→ EXERCISE INSTRUCTIONS: Return all the data below as it stands, minus the pictures.

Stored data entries
*** Begin section ***
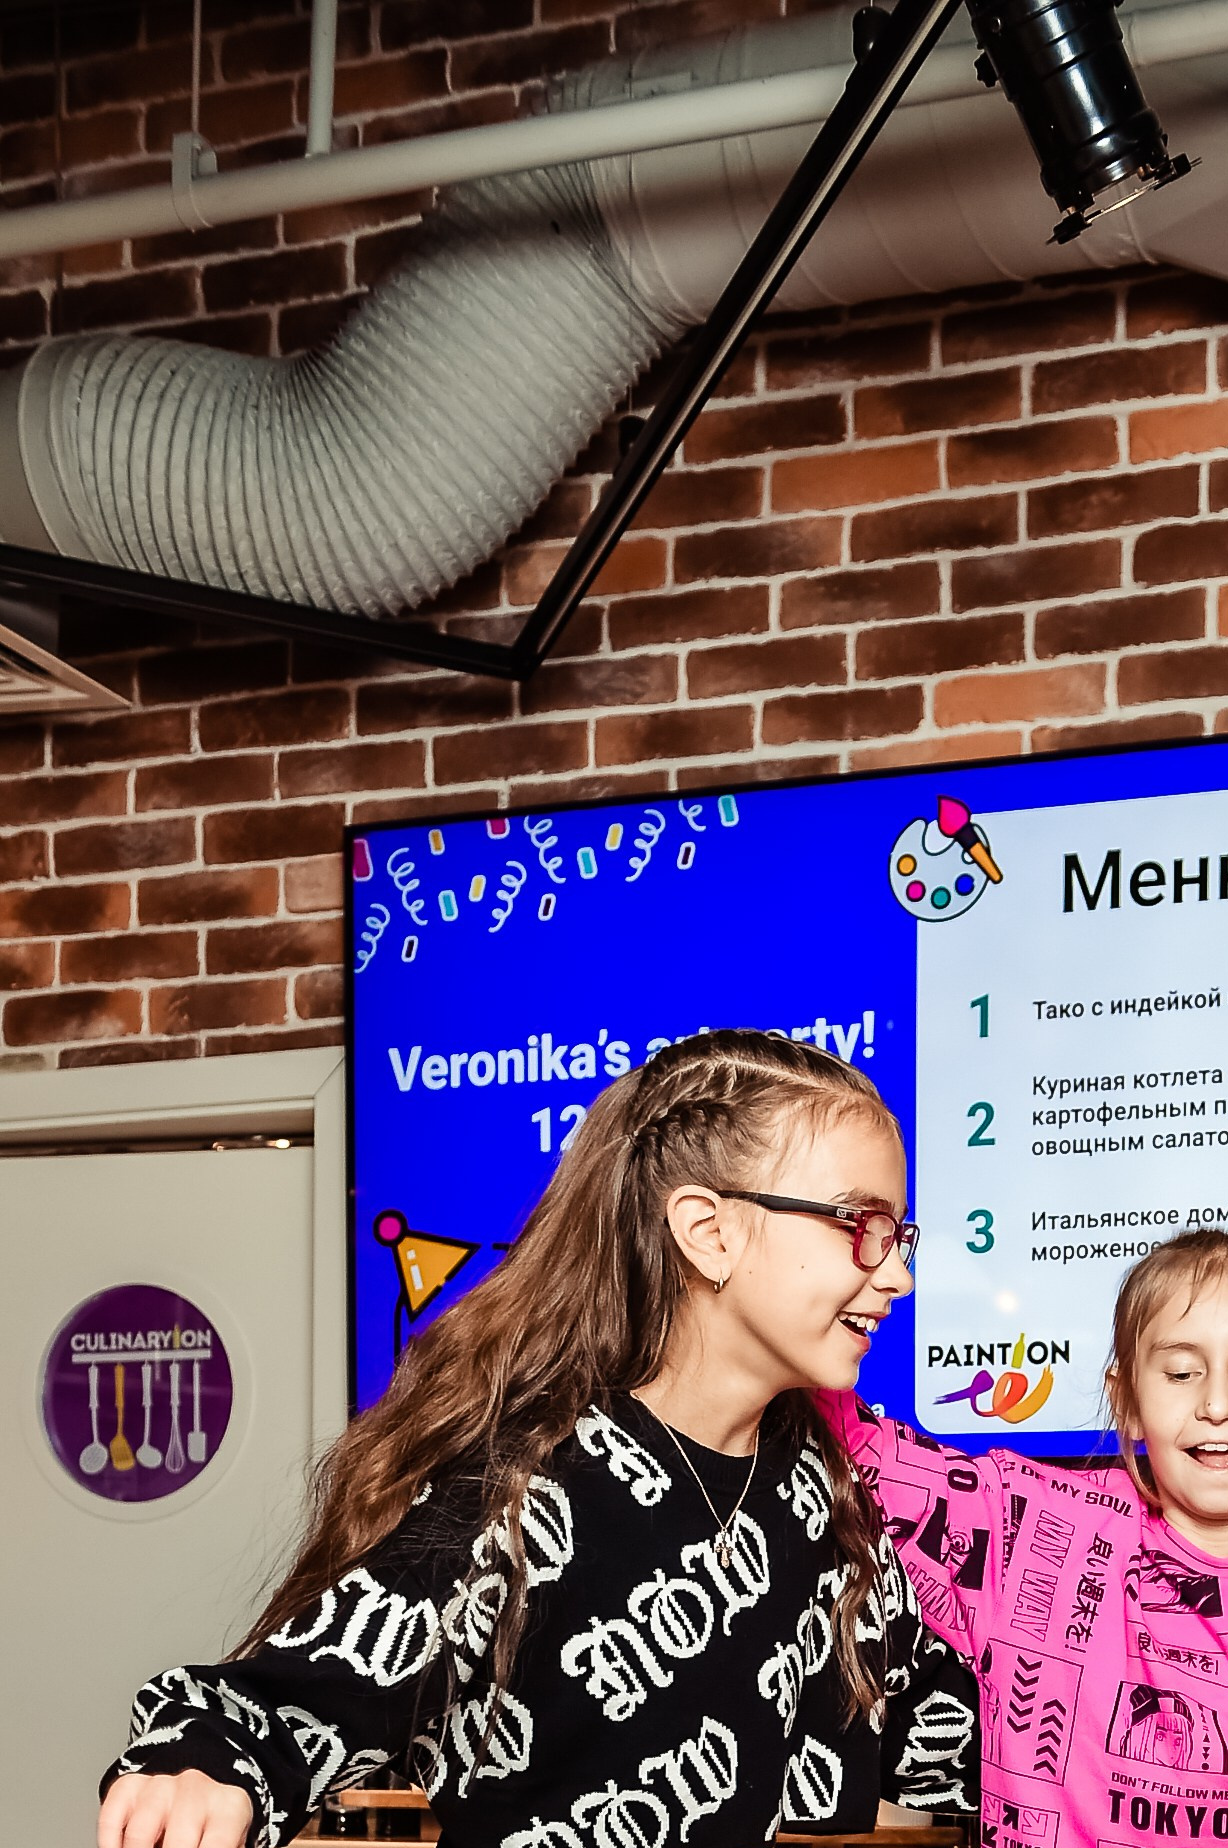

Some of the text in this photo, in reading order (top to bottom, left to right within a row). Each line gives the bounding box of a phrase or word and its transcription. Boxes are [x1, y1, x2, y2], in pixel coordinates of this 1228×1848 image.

[970, 993, 989, 1037] 1
[1033, 1000, 1085, 1021] Тако
[1091, 1003, 1103, 1017] с
[1110, 986, 1221, 1016] индейкой
[388, 1029, 631, 1091] Veronika's
[1033, 1074, 1126, 1100] Куриная
[1133, 1066, 1223, 1089] котлета
[967, 1101, 996, 1147] 2
[1031, 1096, 1206, 1131] картофельным
[1031, 1132, 1144, 1157] овощным
[966, 1209, 994, 1254] 3
[1031, 1206, 1179, 1231] Итальянское
[1050, 1479, 1081, 1500] MY
[1084, 1491, 1134, 1519] SOUL
[1009, 1509, 1076, 1643] MY WAY
[1111, 1771, 1150, 1790] DON'T
[1151, 1781, 1209, 1800] FOLLOW
*** End section ***
→ RESULT:
Some of the text in this photo, in reading order (top to bottom, left to right within a row). Each line gives the bounding box of a phrase or word and its transcription. Boxes are [x1, y1, x2, y2], in pixel coordinates of this 1228×1848 image.

[970, 993, 989, 1037] 1
[1033, 1000, 1085, 1021] Тако
[1091, 1003, 1103, 1017] с
[1110, 986, 1221, 1016] индейкой
[388, 1029, 631, 1091] Veronika's
[1033, 1074, 1126, 1100] Куриная
[1133, 1066, 1223, 1089] котлета
[967, 1101, 996, 1147] 2
[1031, 1096, 1206, 1131] картофельным
[1031, 1132, 1144, 1157] овощным
[966, 1209, 994, 1254] 3
[1031, 1206, 1179, 1231] Итальянское
[1050, 1479, 1081, 1500] MY
[1084, 1491, 1134, 1519] SOUL
[1009, 1509, 1076, 1643] MY WAY
[1111, 1771, 1150, 1790] DON'T
[1151, 1781, 1209, 1800] FOLLOW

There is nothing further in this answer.